----- Extracted information -----
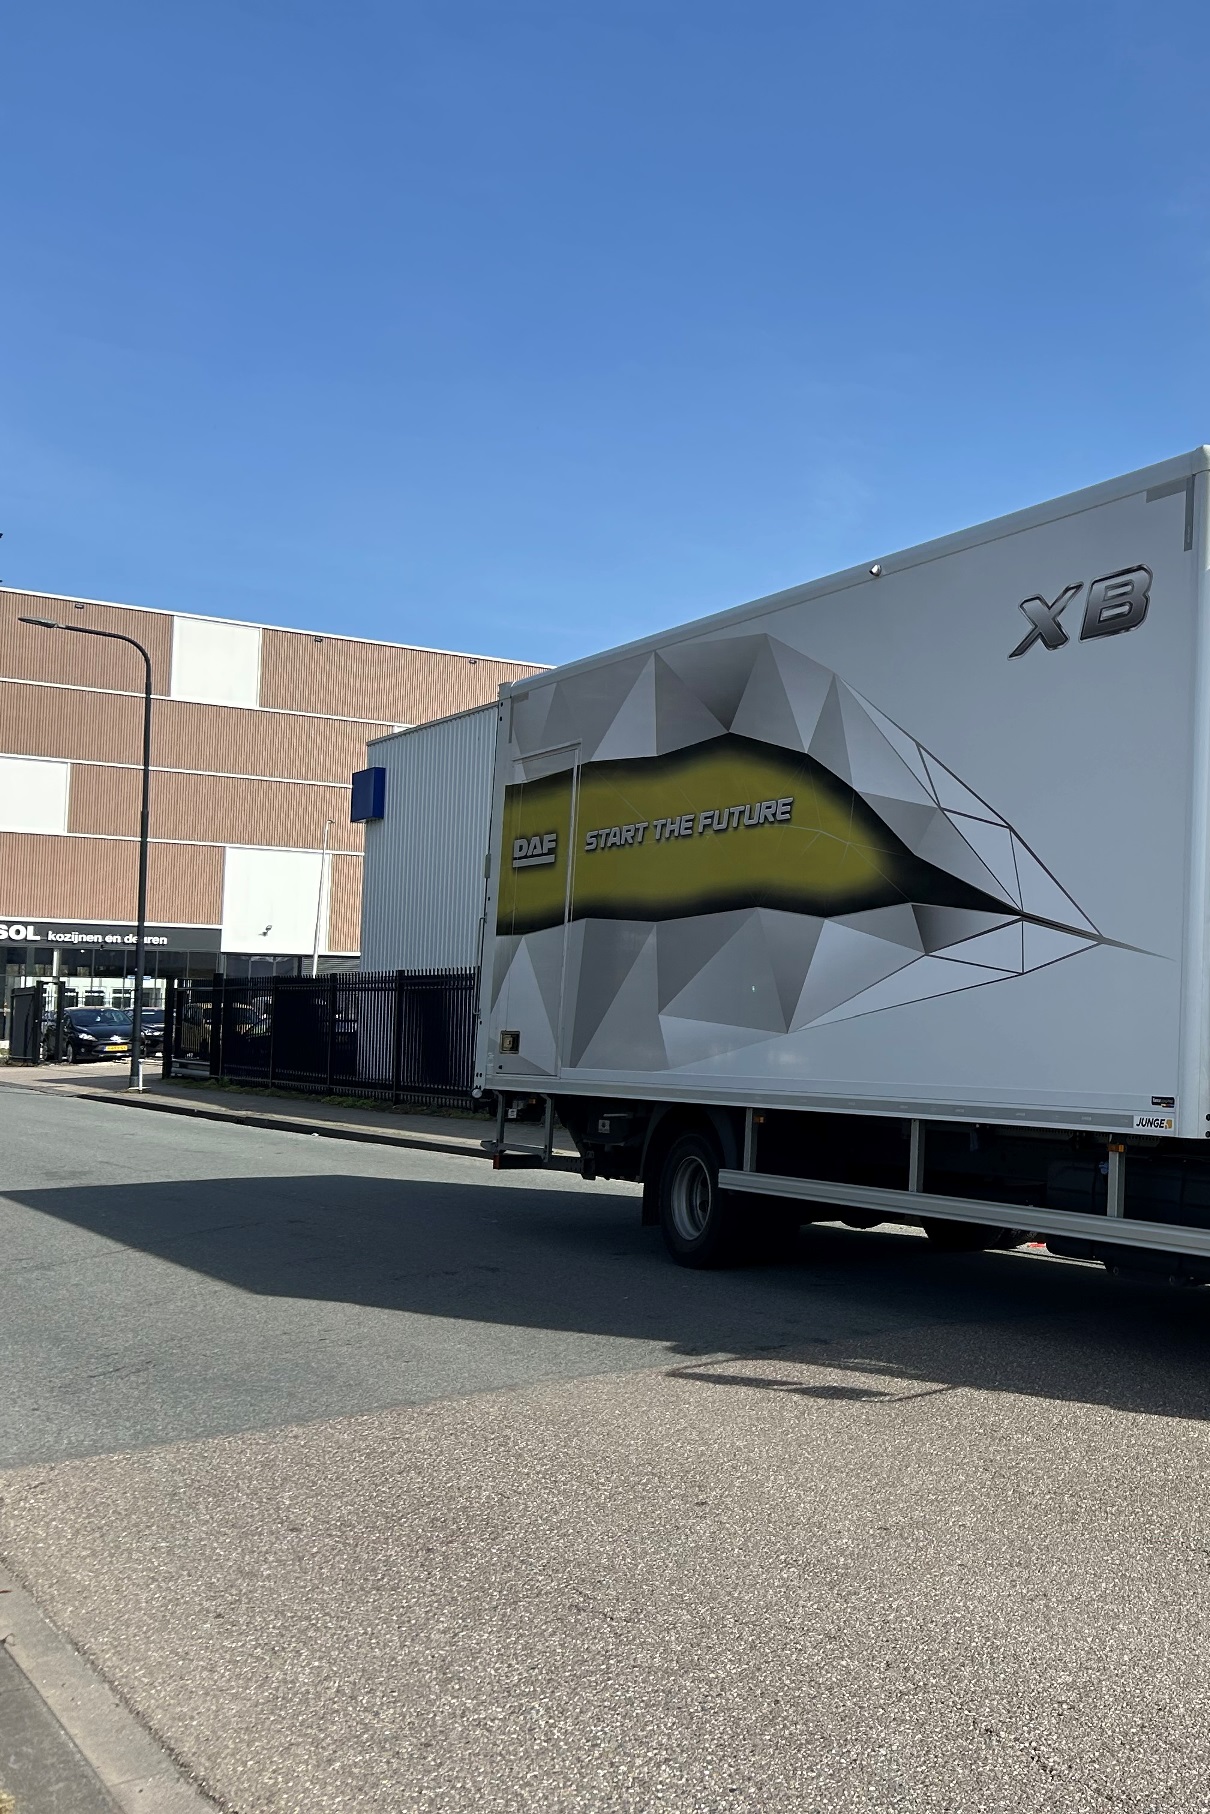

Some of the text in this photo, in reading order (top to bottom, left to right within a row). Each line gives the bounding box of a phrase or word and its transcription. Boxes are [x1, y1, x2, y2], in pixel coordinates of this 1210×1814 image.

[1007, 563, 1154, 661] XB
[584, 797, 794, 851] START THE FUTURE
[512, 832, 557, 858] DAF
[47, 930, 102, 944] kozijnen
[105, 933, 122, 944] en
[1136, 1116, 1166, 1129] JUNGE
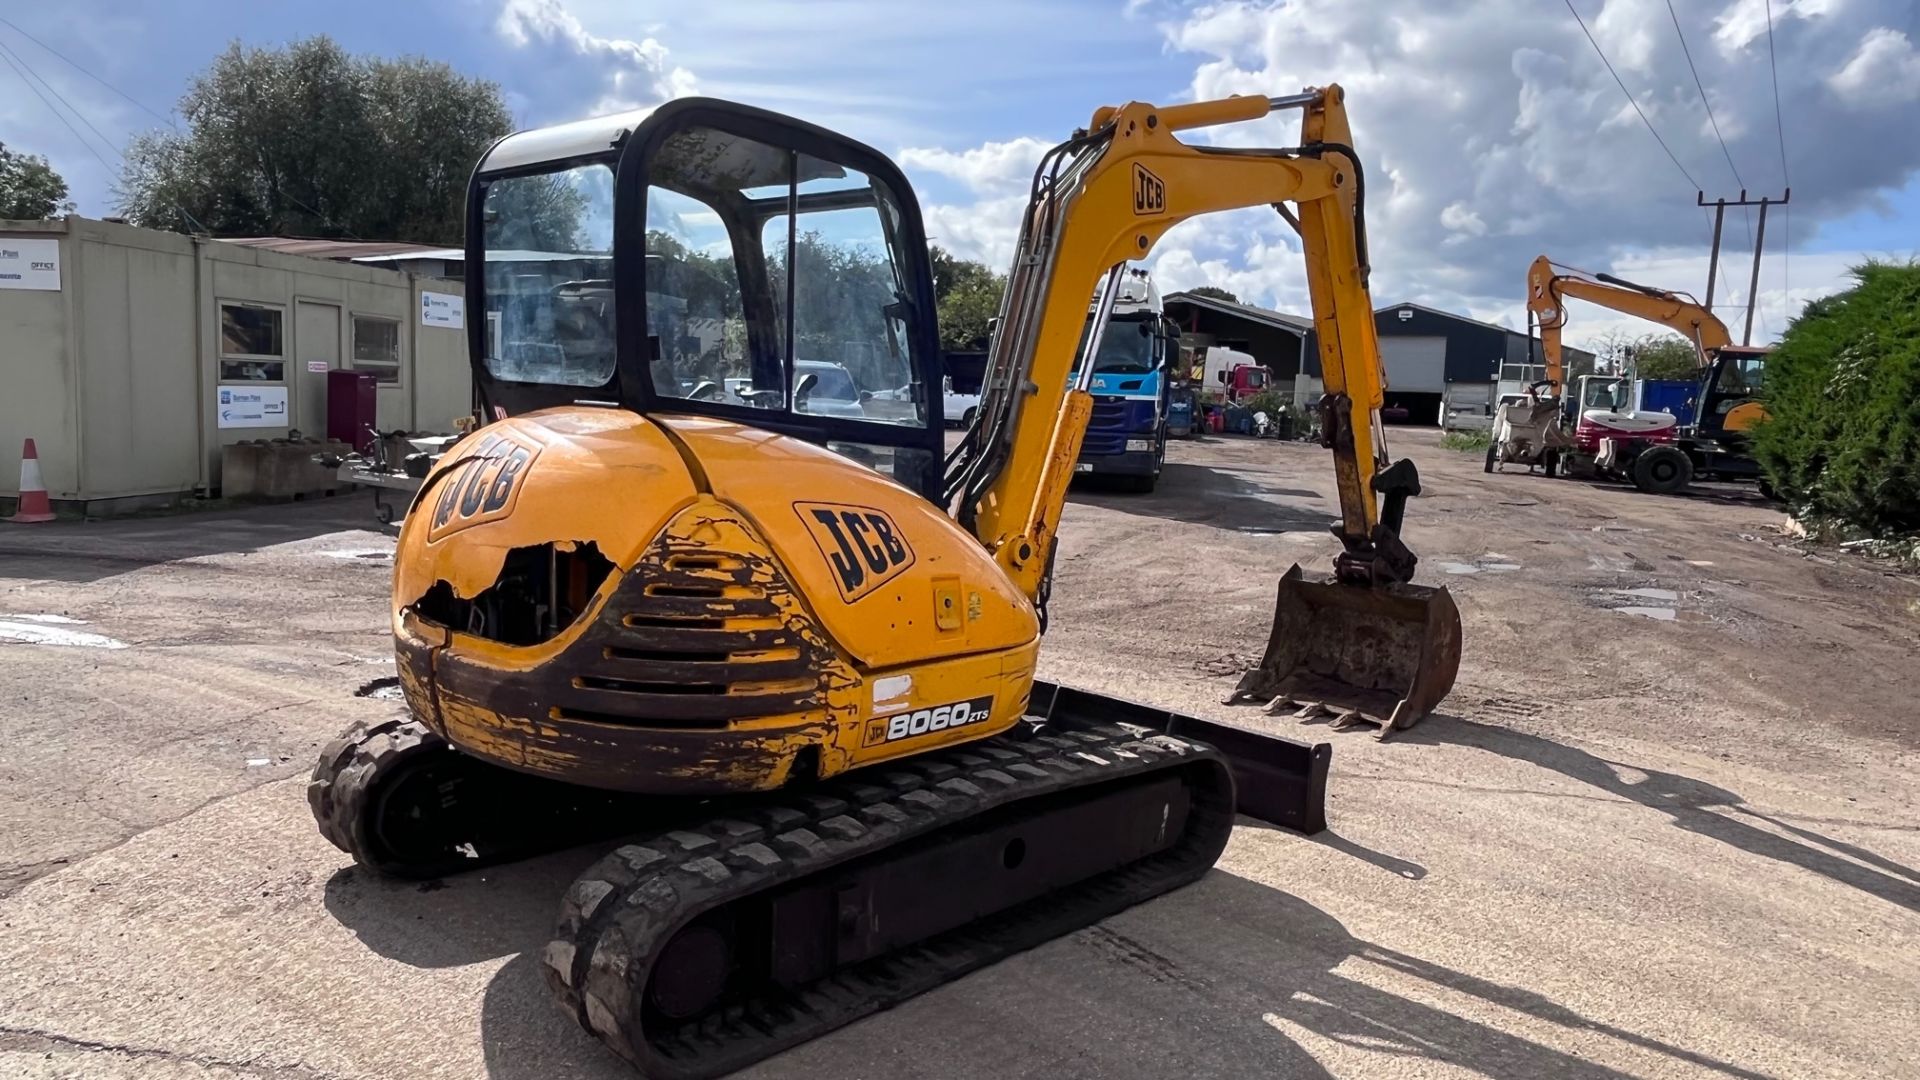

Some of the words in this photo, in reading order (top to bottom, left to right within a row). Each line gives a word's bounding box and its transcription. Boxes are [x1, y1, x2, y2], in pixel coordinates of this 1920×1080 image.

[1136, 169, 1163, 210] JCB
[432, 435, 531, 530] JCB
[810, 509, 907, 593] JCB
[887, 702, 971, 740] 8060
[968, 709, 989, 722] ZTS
-----
Your objective
Output every record above exactly, leaving out the pictures.

Reply
Some of the text in this photo, in reading order (top to bottom, left to right within a row). Each line gives the bounding box of a phrase or word and its transcription. Boxes are [x1, y1, x2, y2], in pixel coordinates of this 1210×1814 image.

[1007, 563, 1154, 661] XB
[584, 797, 794, 851] START THE FUTURE
[512, 832, 557, 858] DAF
[47, 930, 102, 944] kozijnen
[105, 933, 122, 944] en
[1136, 1116, 1166, 1129] JUNGE

Some of the words in this photo, in reading order (top to bottom, left to right within a row). Each line gives a word's bounding box and its transcription. Boxes are [x1, y1, x2, y2], in pixel coordinates of this 1920×1080 image.

[1136, 169, 1163, 210] JCB
[432, 435, 531, 530] JCB
[810, 509, 907, 593] JCB
[887, 702, 971, 740] 8060
[968, 709, 989, 722] ZTS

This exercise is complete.